Les rituels de consécration (ou d'investiture) d’images ou de
stūpa s’appellent
pratiṣṭhā en sanskrit, et
rab gnas en tibétain. Elles sont toujours pratiquées de nos jours. La partie principale de ces rituels consiste en quatre phases ("
jaḥ hūṃ baṃ hoḥ") pour attirer (
dgug pa), faire entrer (
gzhug pa), lier (
bcing ba) et faire fondre (
bstim pa) le dieu (
lha). Le livre de Yael Bentor
Consecration of Images and Stūpas in Indo-Tibetan Tantric Buddhism donne tous les détails de ce rituel, basé sur un texte contemporain de
Khri-byang Rin-po-che (1901-1981), intitulé “
Le rituel de consécration, un océan d’ondées de vertu et d’excellence” (T.

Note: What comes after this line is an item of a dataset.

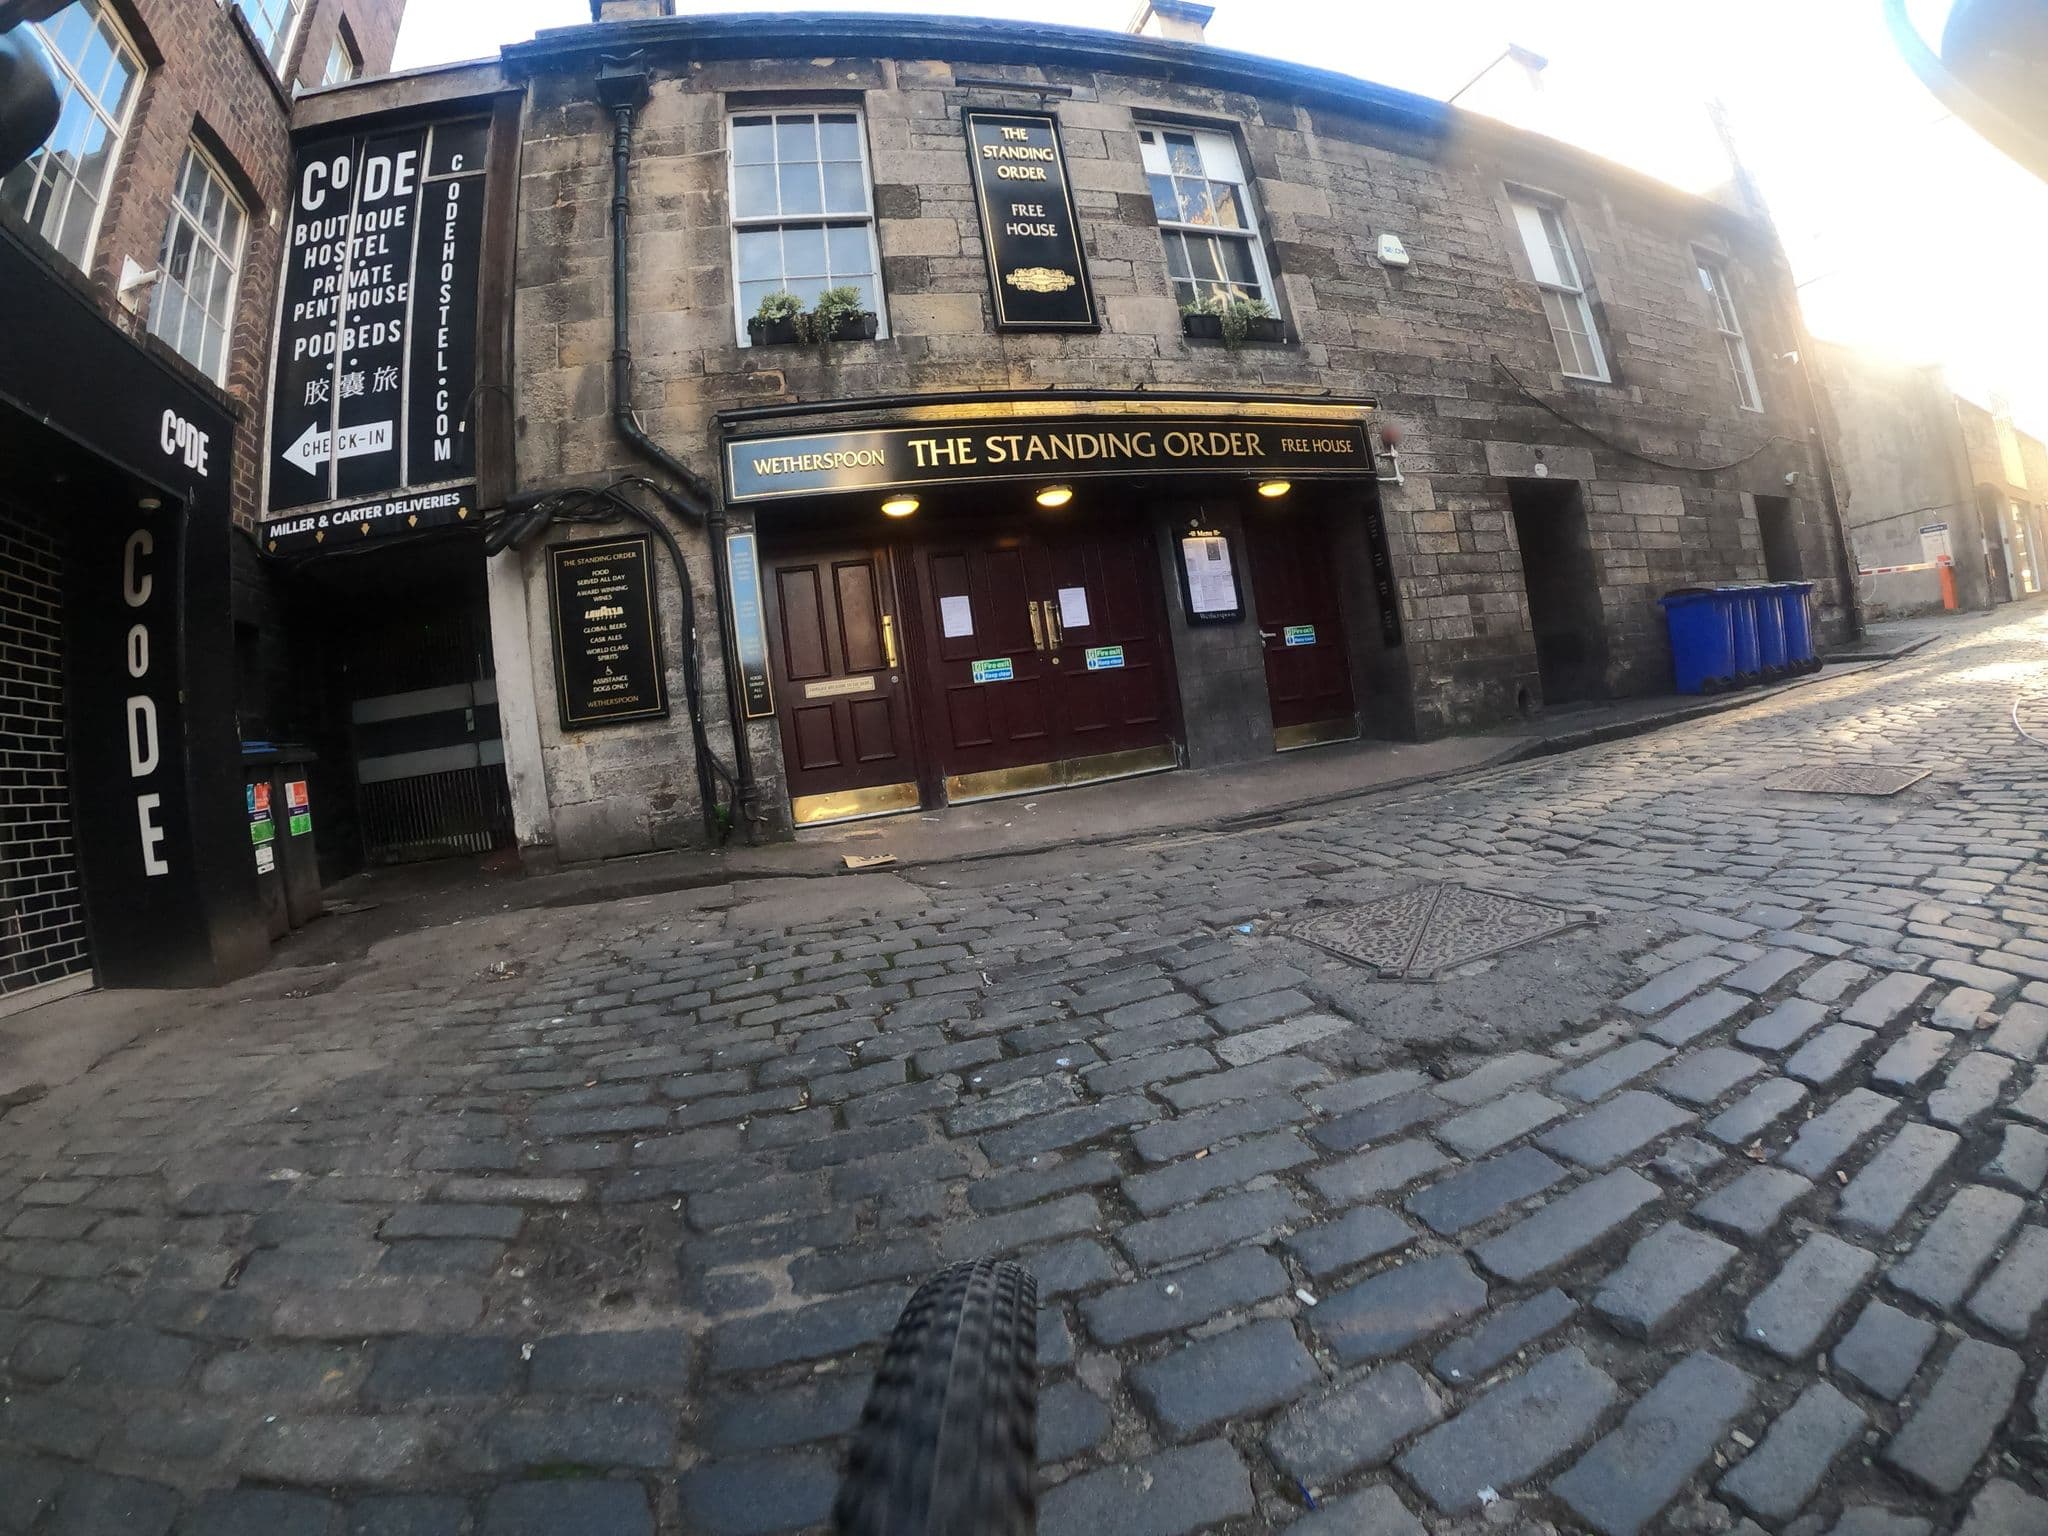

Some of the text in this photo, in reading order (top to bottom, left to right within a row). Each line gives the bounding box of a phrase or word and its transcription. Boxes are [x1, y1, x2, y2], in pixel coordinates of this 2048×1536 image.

rab gnas cho ga, dge legs rgya mtsho’i char 'babs).
Le rituel va établir le lien (
samaya) entre un objet/une personne à consacrer/investir (
samayasattva) ici-bas (dans
l’Hebdomade sous les sept sphères planétaires) et le dieu/être de gnose (
jñānasattva) résidant dans le palais du
dharmadhātu à Akaniṣṭha (T.
‘og min), qui pourrait correspondre à la huitième sphère (l’Ogdoade). Pendant la phase de génération (ou régénération (terme gnostique)?), le dieu est invité à descendre d’Akaniṣṭha (ou d’un autre monde céleste), et à résider dans l’espace devant les officiants pendant le temps du rituel. Akaniṣṭha, don’t le nom tibétain signifie “
ce qui n’est pas en bas”, est le lieu le plus élevé de
l’univers des formes (
rūpyadhātu). L’être de gnose (
jñānasattva) adopte la même forme que l’objet à consacrer. Le texte considère le mot dieu (S.
deva T.
lha) comme un synonyme d’être de gnose.
Les divers livres d’incantations et de consécrations traduits en chinois, comme l’Amoghapāśa-sūtra (T. 1097), à la fin de VIIe siècle ou au début du VIIIe siècle, expliquent entre autres comment consacrer des enfants et les utiliser comme des messagers. Dans le
Livre du yogin de tous les yoga du pavillons au faîte de diamant (T. 867), traduit en chinois par Vajrabodhi , la procédure à suivre est expliquée.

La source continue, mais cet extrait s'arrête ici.